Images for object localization
▬▬▬▬▬▬▬▬▬▬

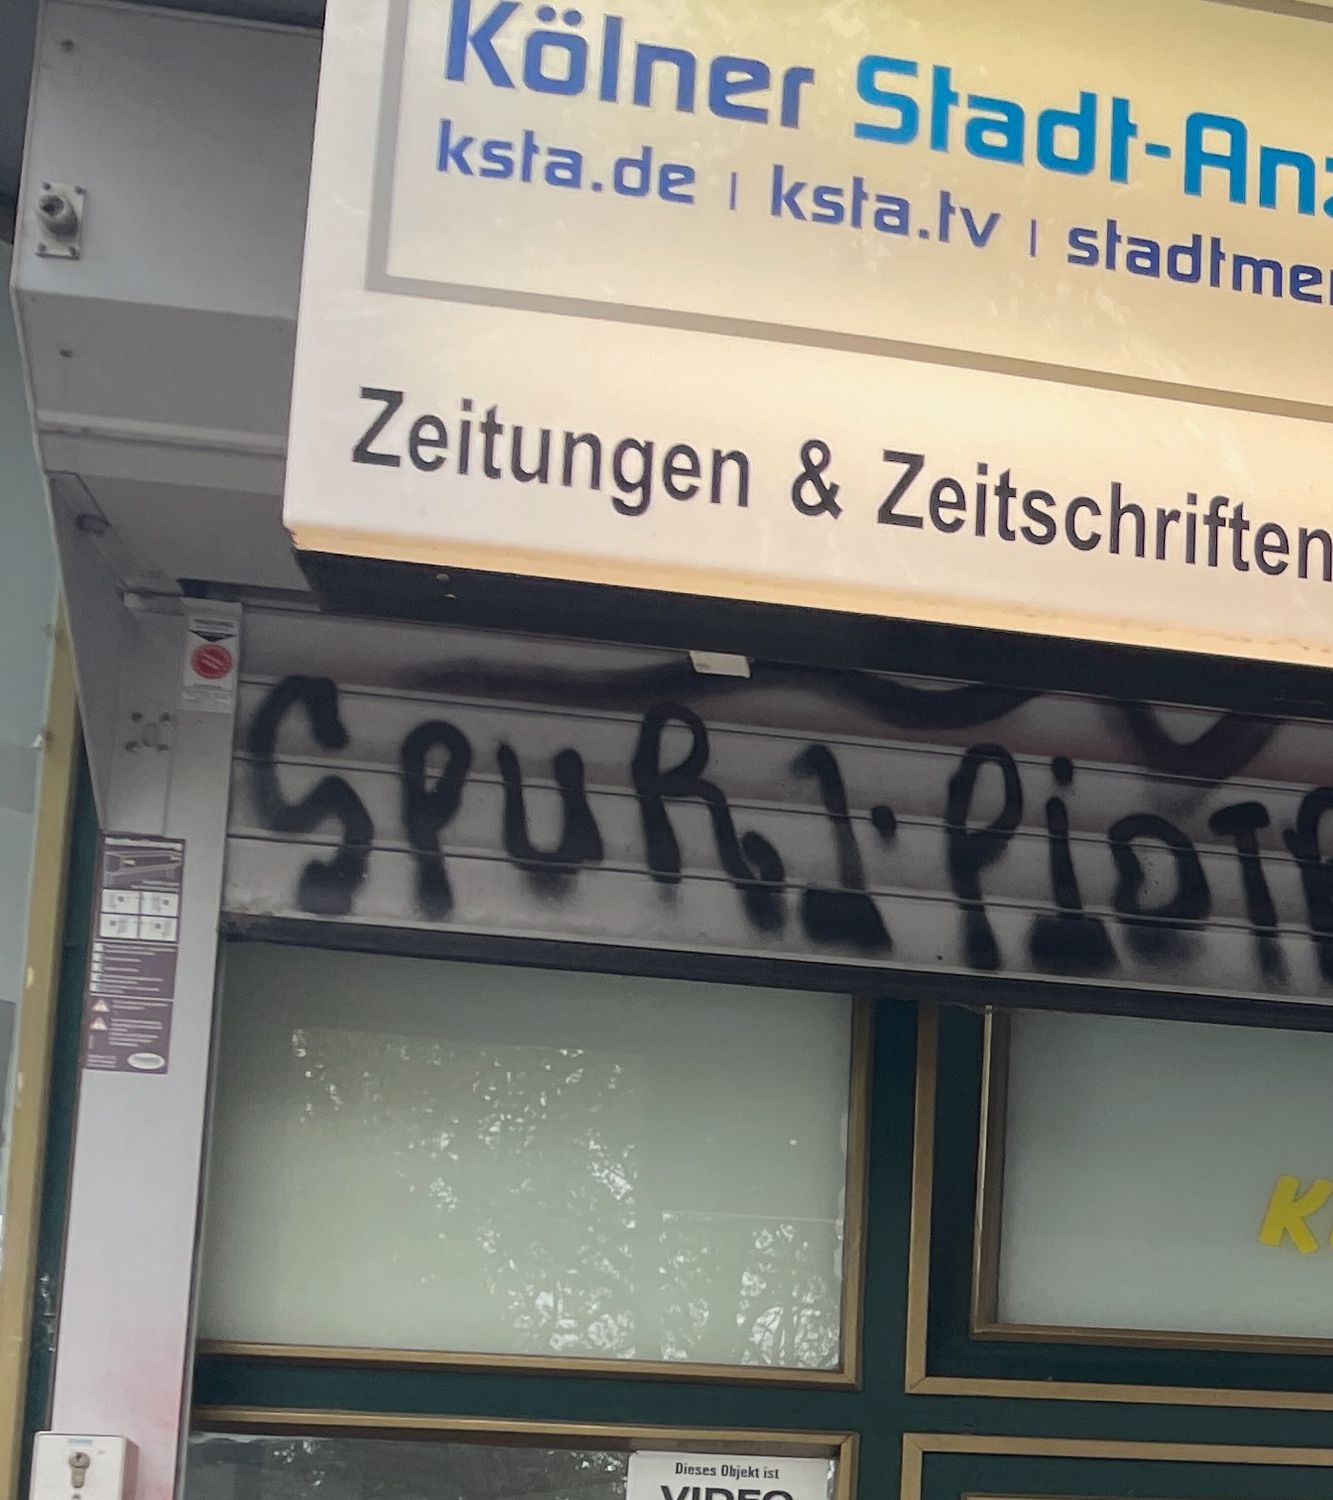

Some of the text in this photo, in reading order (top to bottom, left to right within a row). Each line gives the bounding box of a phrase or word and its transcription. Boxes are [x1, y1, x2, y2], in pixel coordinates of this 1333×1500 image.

[445, 1, 814, 130] Kölner
[437, 119, 695, 205] ksta.de
[771, 165, 1000, 247] ksta.tv
[352, 386, 1333, 583] Zeitungen & Zeitschriften
[675, 1462, 780, 1480] Dieses Objekt ist

▬▬▬▬▬▬▬▬▬▬

> **Assigned task**
Please repeat each line above exactly as it appears, but omit the pictures.

> **Exercise output**
Some of the text in this photo, in reading order (top to bottom, left to right within a row). Each line gives the bounding box of a phrase or word and its transcription. Boxes are [x1, y1, x2, y2], in pixel coordinates of this 1333×1500 image.

[445, 1, 814, 130] Kölner
[437, 119, 695, 205] ksta.de
[771, 165, 1000, 247] ksta.tv
[352, 386, 1333, 583] Zeitungen & Zeitschriften
[675, 1462, 780, 1480] Dieses Objekt ist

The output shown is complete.